How to complete this task:
All entries are to be transcribed exactly. Pictures are not part of the copy.

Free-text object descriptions

---

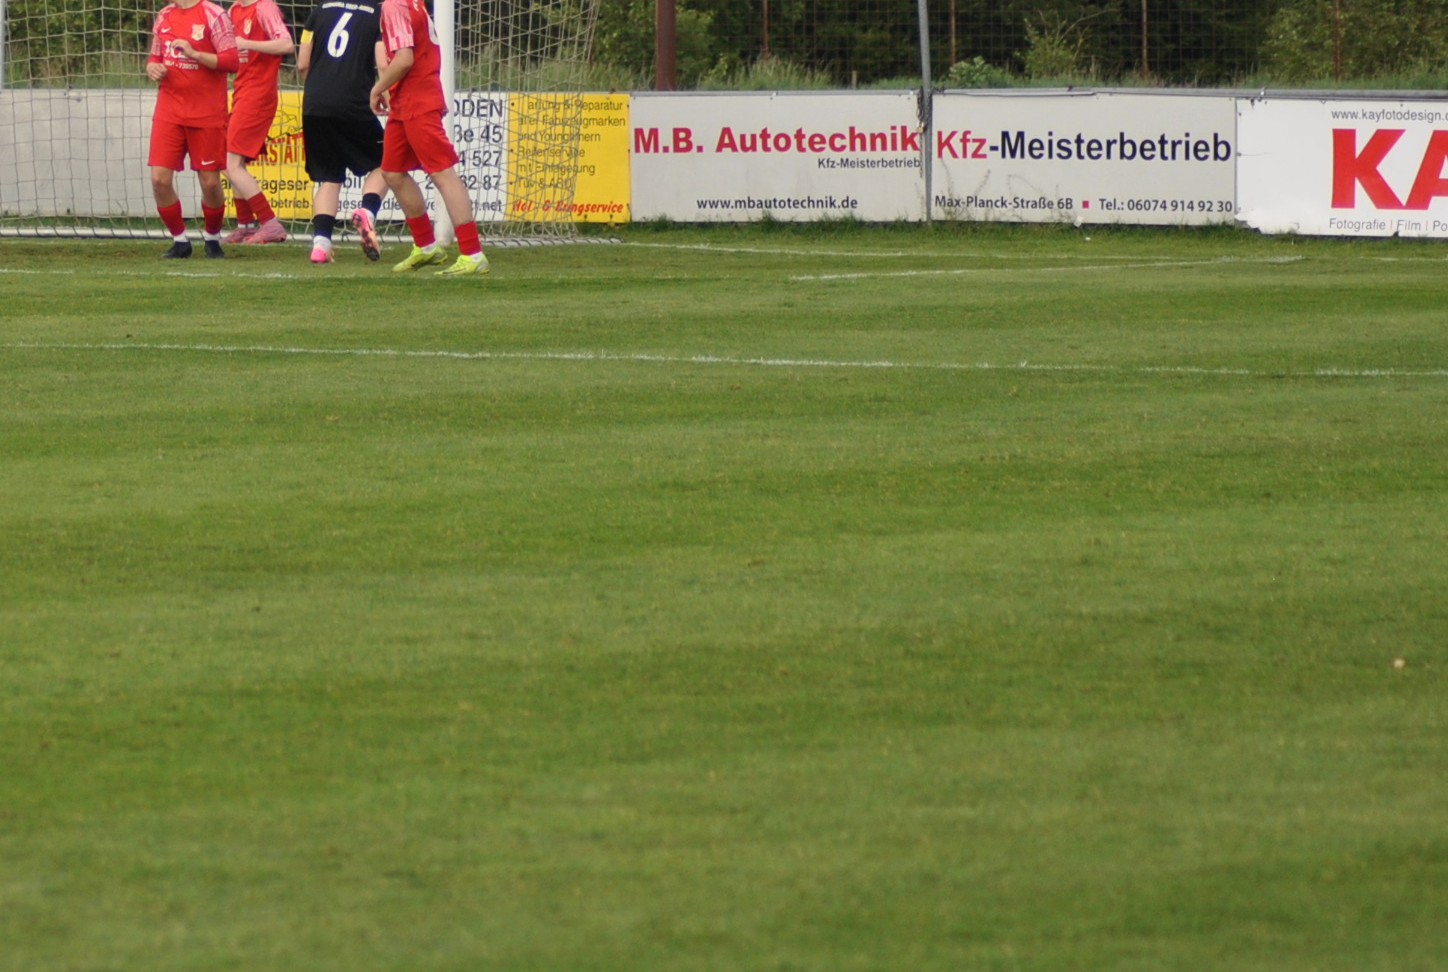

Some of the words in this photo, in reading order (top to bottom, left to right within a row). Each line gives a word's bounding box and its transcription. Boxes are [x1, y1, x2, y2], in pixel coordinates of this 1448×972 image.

[327, 12, 353, 58] 6
[481, 124, 502, 143] 45
[634, 127, 704, 153] M.B.
[715, 125, 920, 153] Autotechnik
[937, 130, 1232, 161] Kfz-Meisterbetrieb
[472, 150, 502, 167] 527
[817, 157, 921, 169] Kfz-Meisterbetrieb
[697, 196, 858, 210] www.mbautotechnik.de
[935, 195, 1054, 209] Max-Planck-Straße
[1057, 198, 1073, 209] 6B
[1099, 198, 1124, 212] Tel.:
[1127, 198, 1167, 212] 06074
[1171, 198, 1195, 212] 914
[1198, 198, 1214, 213] 92
[1217, 199, 1232, 213] 30
[1329, 218, 1386, 232] Fotografie
[1397, 220, 1421, 231] Film
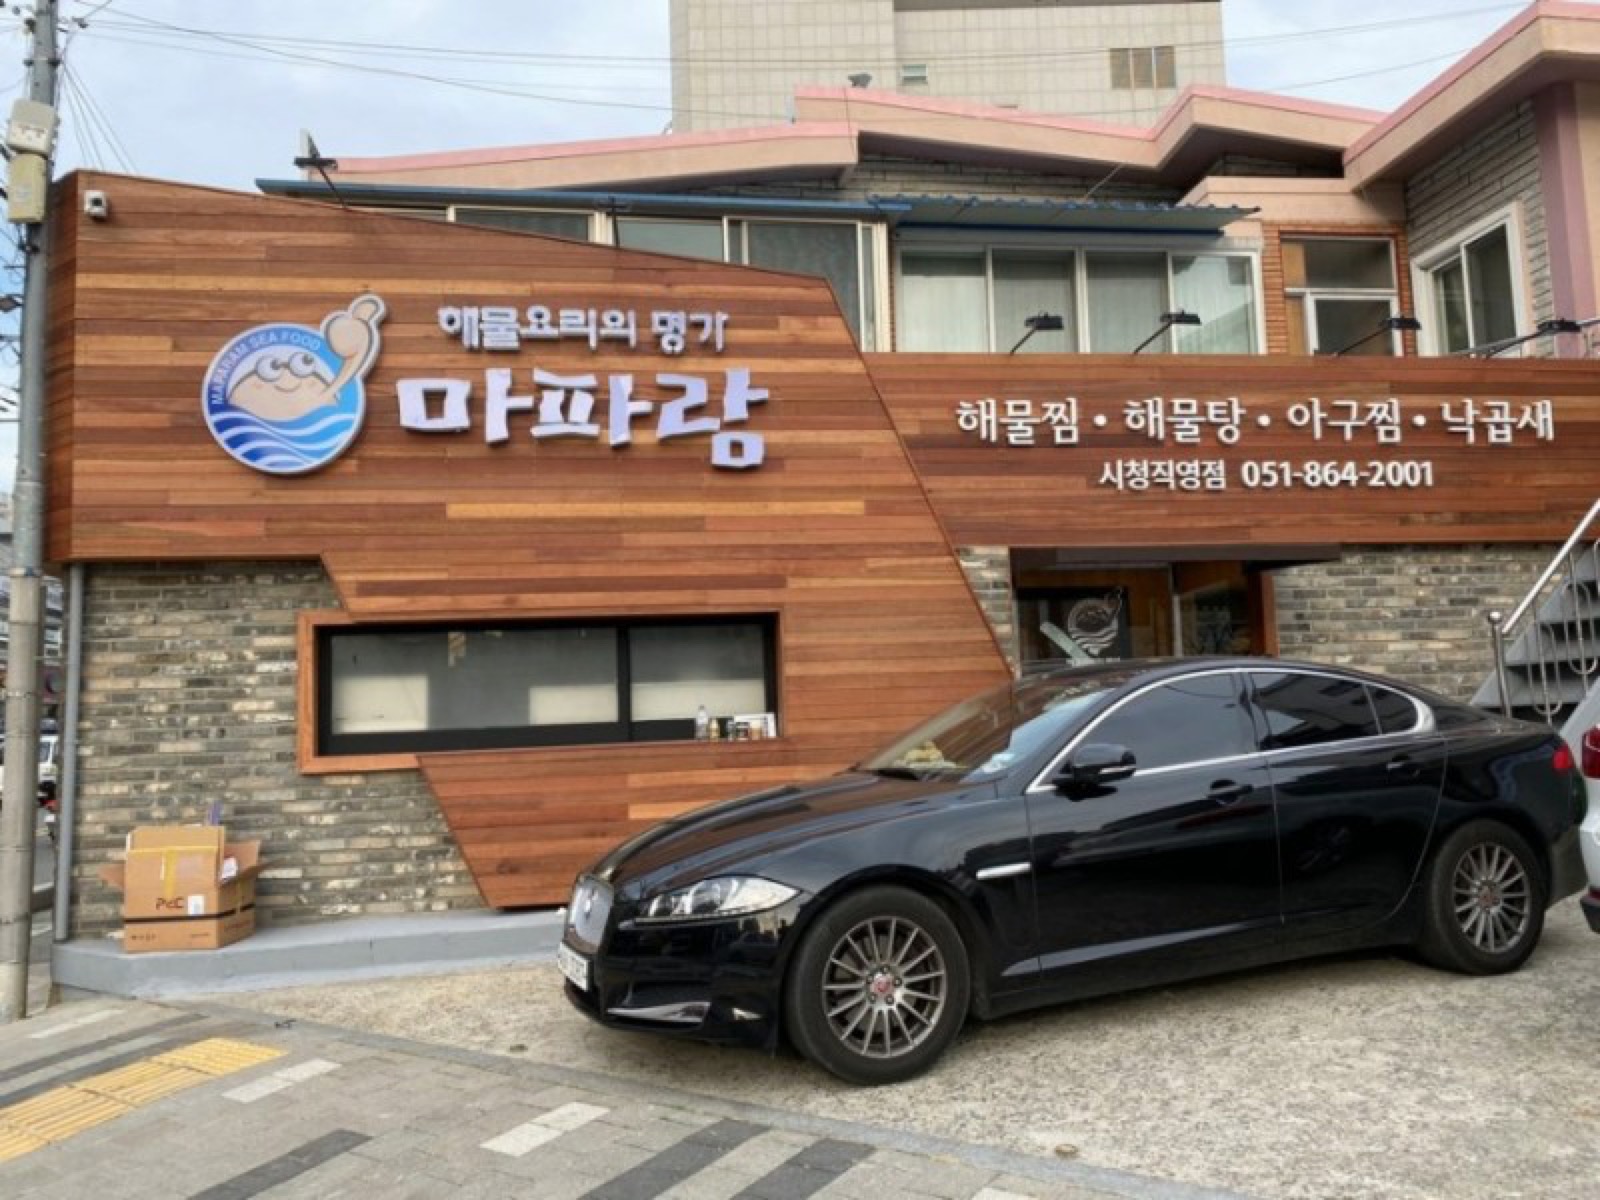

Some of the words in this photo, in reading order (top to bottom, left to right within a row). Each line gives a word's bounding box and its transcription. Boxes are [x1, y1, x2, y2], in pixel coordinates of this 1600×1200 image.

---

Finished task:
Some of the words in this photo, in reading order (top to bottom, left to right within a row). Each line gives a word's bounding box and its transcription. Boxes are [x1, y1, x2, y2], in pixel coordinates of this 1448×972 image.

[327, 12, 353, 58] 6
[481, 124, 502, 143] 45
[634, 127, 704, 153] M.B.
[715, 125, 920, 153] Autotechnik
[937, 130, 1232, 161] Kfz-Meisterbetrieb
[472, 150, 502, 167] 527
[817, 157, 921, 169] Kfz-Meisterbetrieb
[697, 196, 858, 210] www.mbautotechnik.de
[935, 195, 1054, 209] Max-Planck-Straße
[1057, 198, 1073, 209] 6B
[1099, 198, 1124, 212] Tel.:
[1127, 198, 1167, 212] 06074
[1171, 198, 1195, 212] 914
[1198, 198, 1214, 213] 92
[1217, 199, 1232, 213] 30
[1329, 218, 1386, 232] Fotografie
[1397, 220, 1421, 231] Film

Some of the words in this photo, in reading order (top to bottom, left to right within a row). Each line gives a word's bounding box and its transcription. Boxes are [x1, y1, x2, y2], in pixel coordinates of this 1600×1200 image.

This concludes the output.